Head of Digital Experience at Royal Mail group
11 February 2009 08:07am
Can anyone advise me on this one as I have made some enquiries and got quite mixed messages!
I am wanting to implement multiple and enlarged images against articles on the media site I manage. As we make revenue from banners, we want to refresh the banners when we show the different variations of the image, ie image 1 will show one set of banners, image 2 will show a new set. As a result I was planning to do a new page for each image (as opposed to Ajax), with the same text content (as I believe the BBC does). My questions are:
1) If the text content on the duplicate page is the same, will google see this as duplicate content?

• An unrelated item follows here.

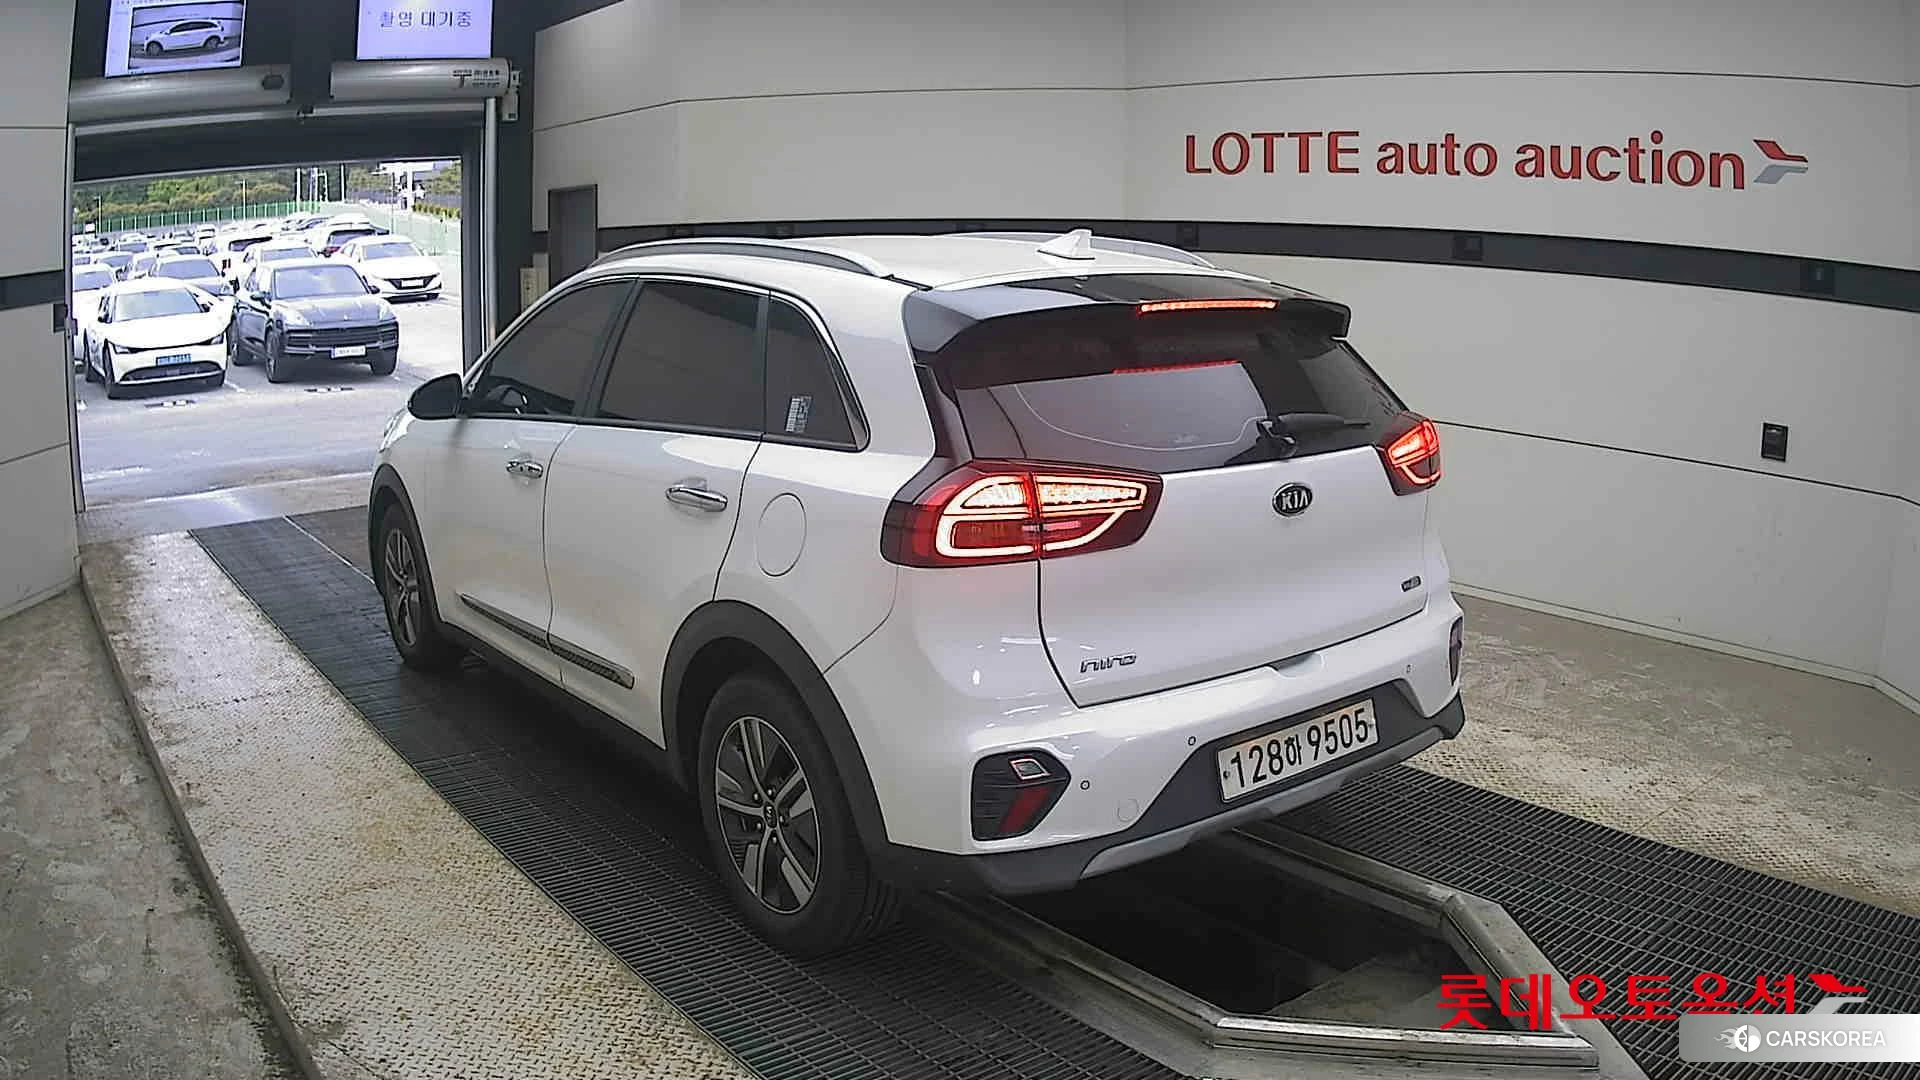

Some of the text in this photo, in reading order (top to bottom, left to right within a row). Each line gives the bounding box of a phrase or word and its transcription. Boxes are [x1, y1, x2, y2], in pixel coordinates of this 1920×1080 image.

2) It was suggested that I use robots.txt to get around the duplicate content issue, but I guess this would then mean that the 2nd image will not be indexed by google? Is there any way to get round this?
Web Production Coordinator at Gaslight Media
11 February 2009 19:58pm
If the image is different, the content is different (images are also content), and I don't think you have to worry about Google.
I don't think you need to use the robots.txt at all. It's better to have two pages in the index, one ranked well and the other one not so well, than to only have one page indexed. The word 'penalty' might not be the best one to describe what is happening. Google just wants to make sure that the results given in the SERP's (Search Engine Result Pages) are unique, and that they don't server results with the same content. So if it finds pages that it thinks have the same content, it will choose one has the original and simply not show the other one(s) on the SERP's.
E-Business Consultant at Dan Barker
12 February 2009 14:54pm
I disagree slightly with Ove (sorry, Ove!). If the pages are totally identical other than the image, then they probably will be deemed duplicates & only one will show in SERPs. You have an opportunity to make the pages different & therefore rank for different keywords.
The simple way to do this is to use different content on each of the pages.
You probably have a lot of info associated with these images in your database. Automatically using different bits of that on each page could double the keywords you target & therefore increase your traffic.
Example: say that these images are related to articles, you could therefore use:
A few extra ways to get extra page views from your images:
Hope this is useful!
12 February 2009 15:52pm
I disagree slightly with Ove (sorry, Ove!).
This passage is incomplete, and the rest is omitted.